[Provided information — start]

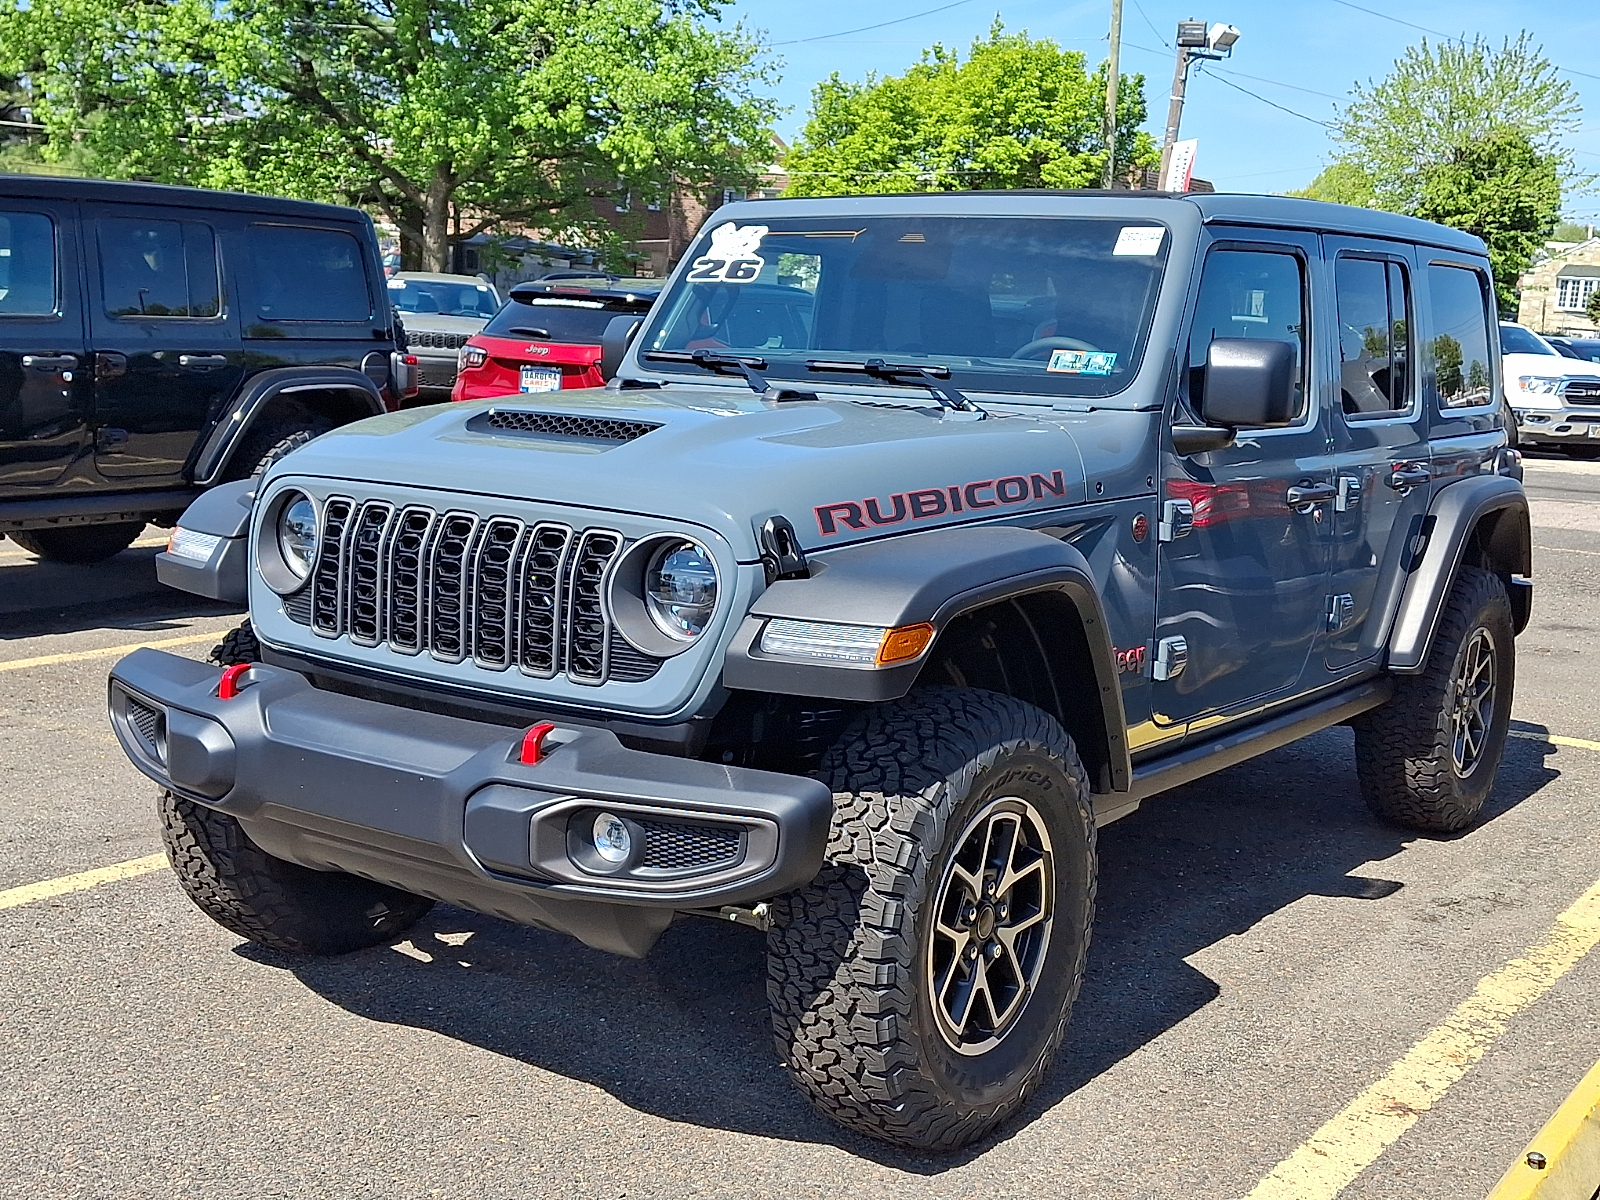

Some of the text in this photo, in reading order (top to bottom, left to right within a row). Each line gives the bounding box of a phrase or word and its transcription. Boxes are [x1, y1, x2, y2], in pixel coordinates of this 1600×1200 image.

[690, 259, 761, 280] 26
[525, 344, 549, 356] Jeep
[813, 469, 1067, 536] RUBICON
[1112, 646, 1146, 674] eep
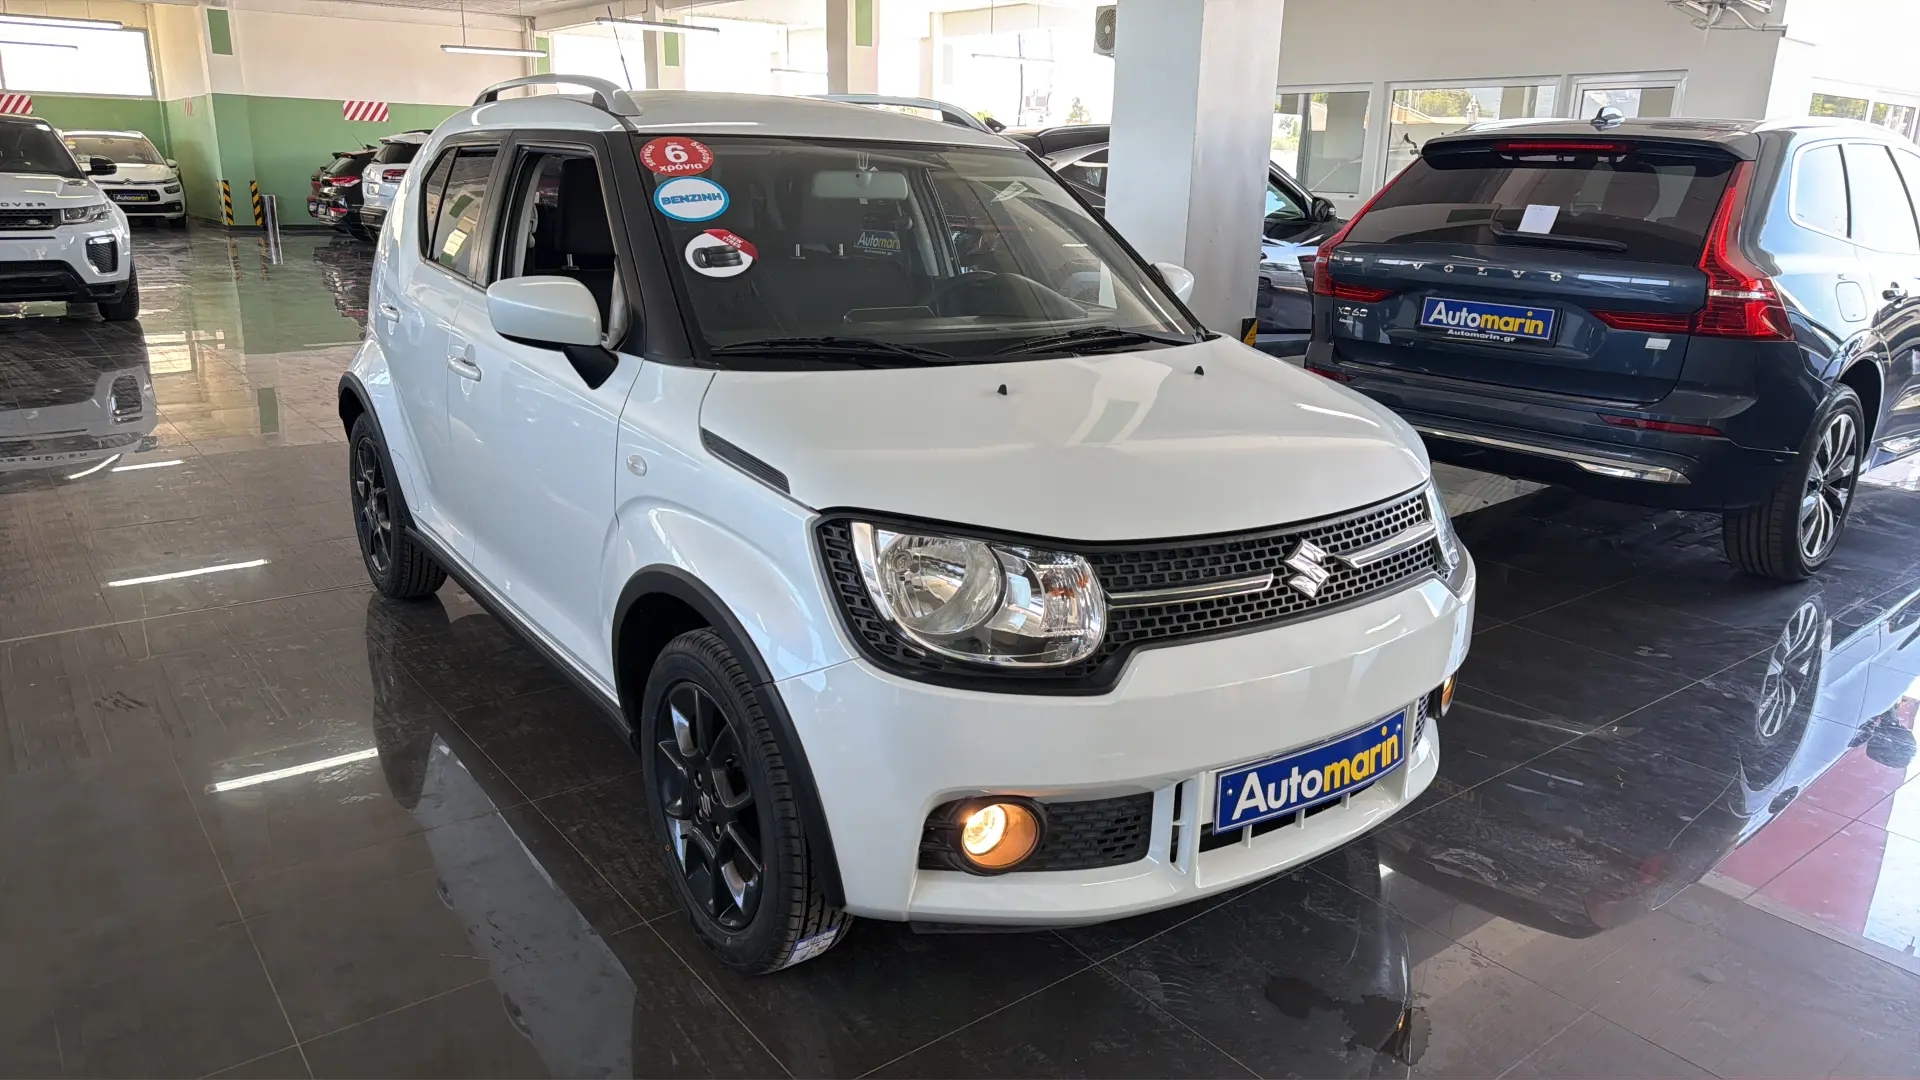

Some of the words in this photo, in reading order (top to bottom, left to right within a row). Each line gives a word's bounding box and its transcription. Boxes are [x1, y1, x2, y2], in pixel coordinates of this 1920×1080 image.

[664, 144, 689, 163] 6
[659, 162, 703, 172] χρόνια
[1412, 262, 1562, 282] VOLVO
[1428, 301, 1544, 335] Automarin
[1446, 328, 1516, 343] Automarin.gr
[1231, 725, 1399, 821] Automarin

[Provided information — finish]

The expected result is every record above, word for word, with no pictures in it.

Some of the text in this photo, in reading order (top to bottom, left to right within a row). Each line gives the bounding box of a phrase or word and its transcription. Boxes are [x1, y1, x2, y2], in pixel coordinates of this 1600×1200 image.

[690, 259, 761, 280] 26
[525, 344, 549, 356] Jeep
[813, 469, 1067, 536] RUBICON
[1112, 646, 1146, 674] eep

Some of the words in this photo, in reading order (top to bottom, left to right within a row). Each line gives a word's bounding box and its transcription. Boxes are [x1, y1, x2, y2], in pixel coordinates of this 1920×1080 image.

[664, 144, 689, 163] 6
[659, 162, 703, 172] χρόνια
[1412, 262, 1562, 282] VOLVO
[1428, 301, 1544, 335] Automarin
[1446, 328, 1516, 343] Automarin.gr
[1231, 725, 1399, 821] Automarin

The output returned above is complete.